• _INSTRUCTIONS FOR THE TASK_
What is needed here is an exact printout of the data, with no pictures included.

========

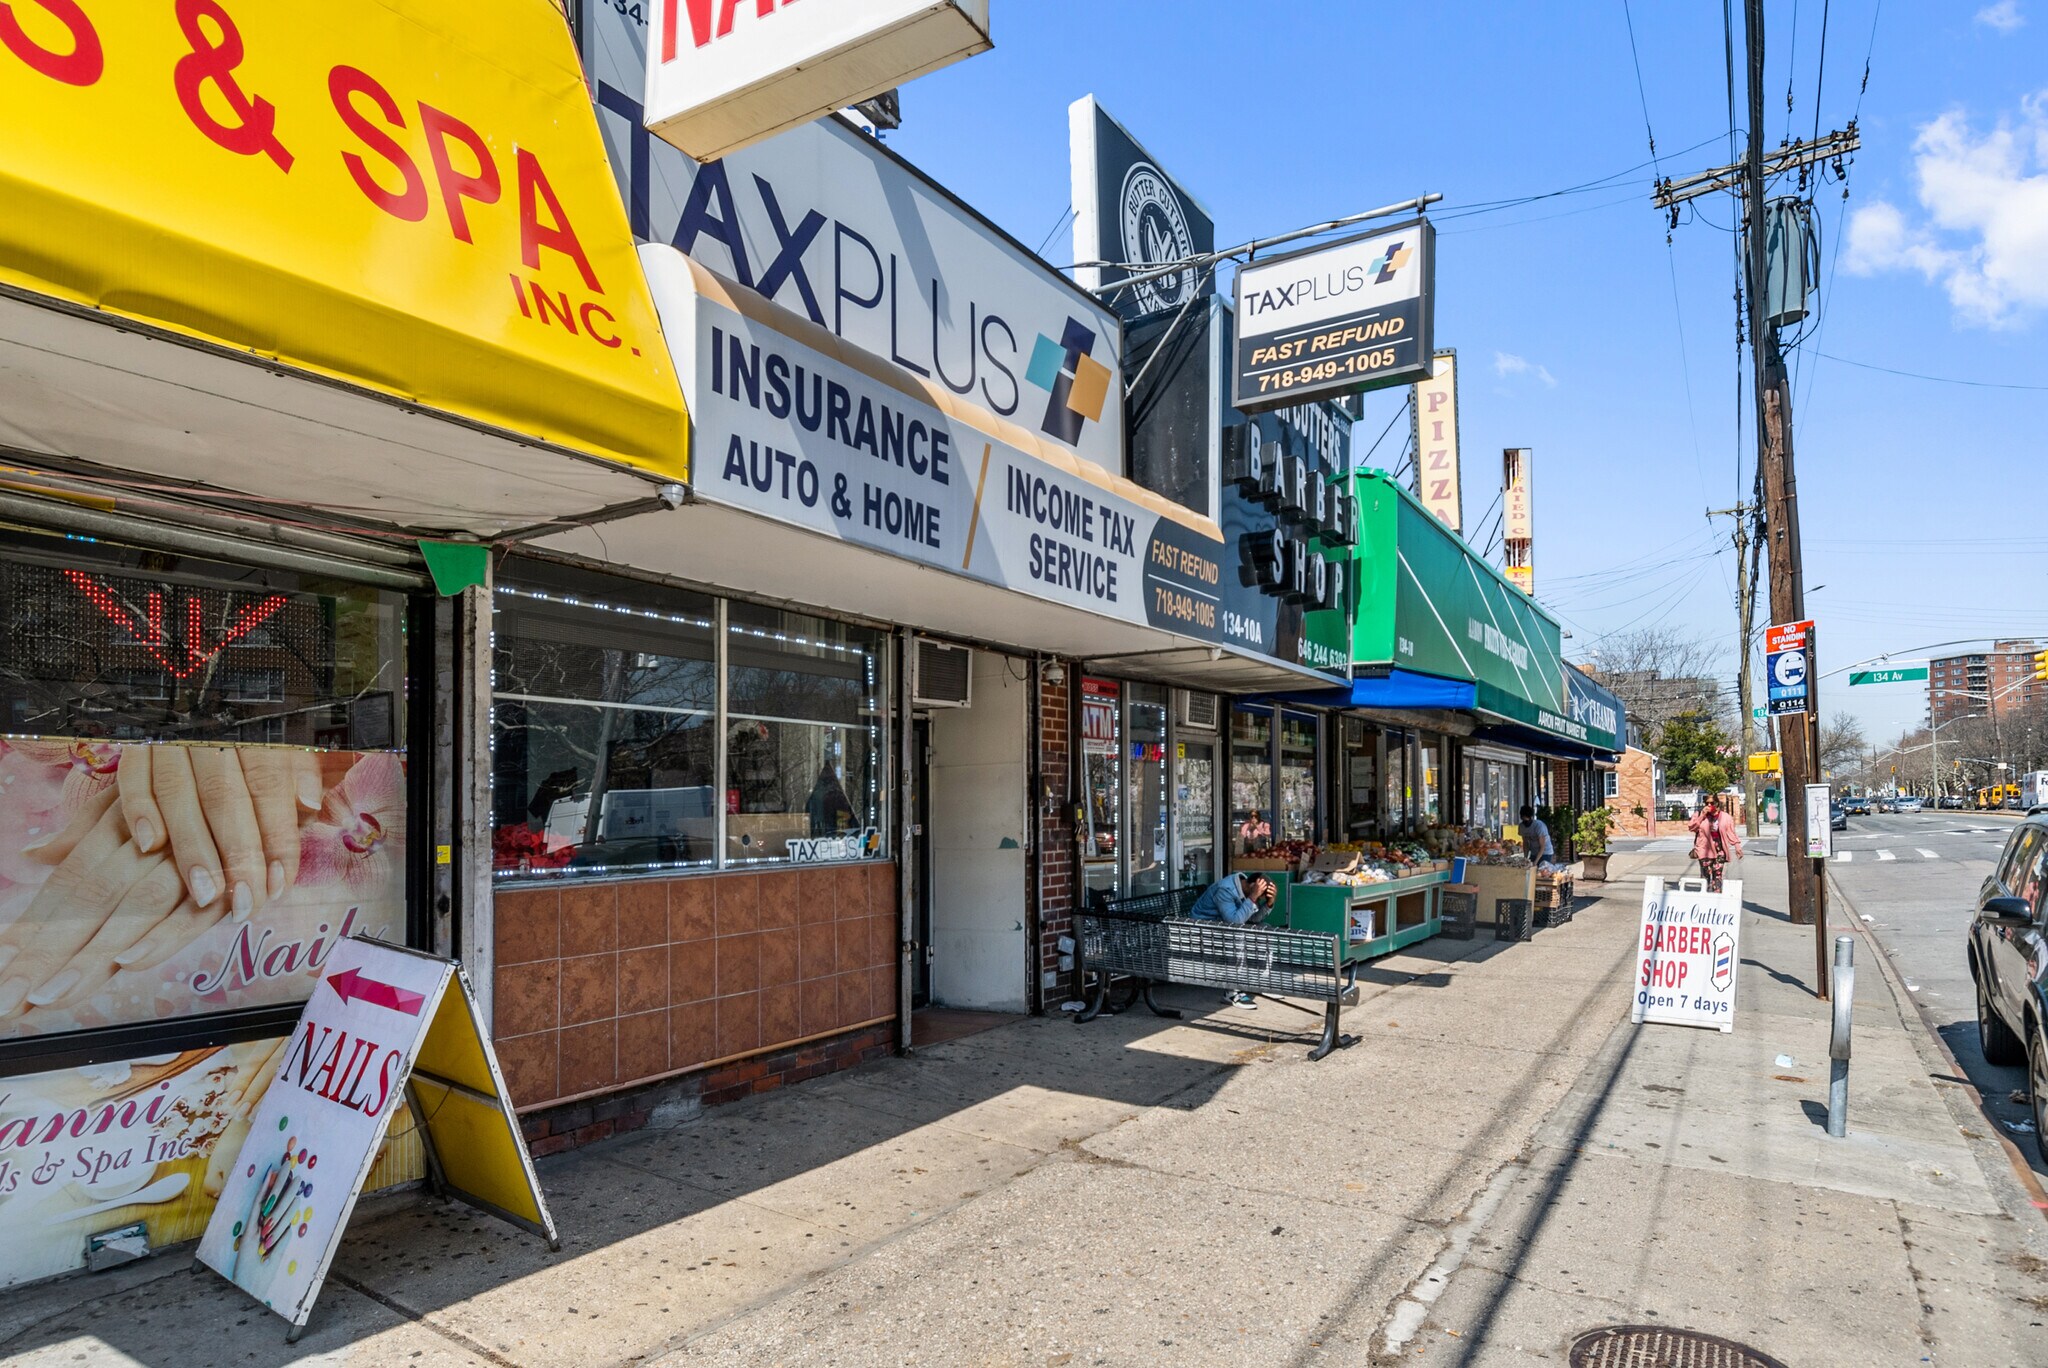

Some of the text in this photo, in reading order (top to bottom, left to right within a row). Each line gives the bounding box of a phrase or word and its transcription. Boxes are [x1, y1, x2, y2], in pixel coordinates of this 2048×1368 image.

[174, 0, 295, 174] &
[328, 65, 605, 295] SPA
[1128, 179, 1156, 218] BUTTER
[1244, 266, 1364, 316] TAXPLUS
[509, 273, 641, 357] INC.
[1251, 317, 1405, 366] FAST REFUND
[1259, 349, 1395, 392] 718-949-1005
[711, 326, 949, 486] INSURANCE
[1427, 391, 1455, 528] PIZZA
[722, 433, 941, 549] AUTO & HOME
[1250, 422, 1360, 545] BARBER
[1512, 478, 1525, 520] RIED
[1007, 465, 1136, 558] INCOME TAX
[1029, 533, 1118, 602] SERVICE
[1152, 539, 1219, 585] FAST REFUND
[1272, 528, 1343, 610] SHOP
[1155, 587, 1216, 629] 718-949-1005
[1222, 610, 1262, 644] 134-10A
[1783, 625, 1796, 634] NO
[1297, 637, 1312, 661] 646
[1313, 643, 1328, 665] 244
[1781, 687, 1801, 697] Q111
[1873, 671, 1903, 682] 134 Av
[1083, 706, 1112, 739] ATM
[1538, 710, 1554, 729] AARON
[1554, 716, 1566, 732] FRUIT
[1780, 699, 1805, 708] Q114
[788, 838, 858, 860] TAXPLUS
[1647, 901, 1735, 926] Butter Cutterz
[193, 907, 387, 992] Nail
[1644, 924, 1711, 955] BARBER
[1641, 958, 1688, 989] SHOP
[1638, 991, 1728, 1015] Open 7 days
[280, 1021, 403, 1118] NAILS
[0, 1081, 182, 1150] anni
[72, 1146, 133, 1185] Spa
[141, 1133, 193, 1165] Inc

========

• _EXPECTED ANSWER_
Some of the text in this photo, in reading order (top to bottom, left to right within a row). Each line gives the bounding box of a phrase or word and its transcription. Boxes are [x1, y1, x2, y2], in pixel coordinates of this 2048×1368 image.

[174, 0, 295, 174] &
[328, 65, 605, 295] SPA
[1128, 179, 1156, 218] BUTTER
[1244, 266, 1364, 316] TAXPLUS
[509, 273, 641, 357] INC.
[1251, 317, 1405, 366] FAST REFUND
[1259, 349, 1395, 392] 718-949-1005
[711, 326, 949, 486] INSURANCE
[1427, 391, 1455, 528] PIZZA
[722, 433, 941, 549] AUTO & HOME
[1250, 422, 1360, 545] BARBER
[1512, 478, 1525, 520] RIED
[1007, 465, 1136, 558] INCOME TAX
[1029, 533, 1118, 602] SERVICE
[1152, 539, 1219, 585] FAST REFUND
[1272, 528, 1343, 610] SHOP
[1155, 587, 1216, 629] 718-949-1005
[1222, 610, 1262, 644] 134-10A
[1783, 625, 1796, 634] NO
[1297, 637, 1312, 661] 646
[1313, 643, 1328, 665] 244
[1781, 687, 1801, 697] Q111
[1873, 671, 1903, 682] 134 Av
[1083, 706, 1112, 739] ATM
[1538, 710, 1554, 729] AARON
[1554, 716, 1566, 732] FRUIT
[1780, 699, 1805, 708] Q114
[788, 838, 858, 860] TAXPLUS
[1647, 901, 1735, 926] Butter Cutterz
[193, 907, 387, 992] Nail
[1644, 924, 1711, 955] BARBER
[1641, 958, 1688, 989] SHOP
[1638, 991, 1728, 1015] Open 7 days
[280, 1021, 403, 1118] NAILS
[0, 1081, 182, 1150] anni
[72, 1146, 133, 1185] Spa
[141, 1133, 193, 1165] Inc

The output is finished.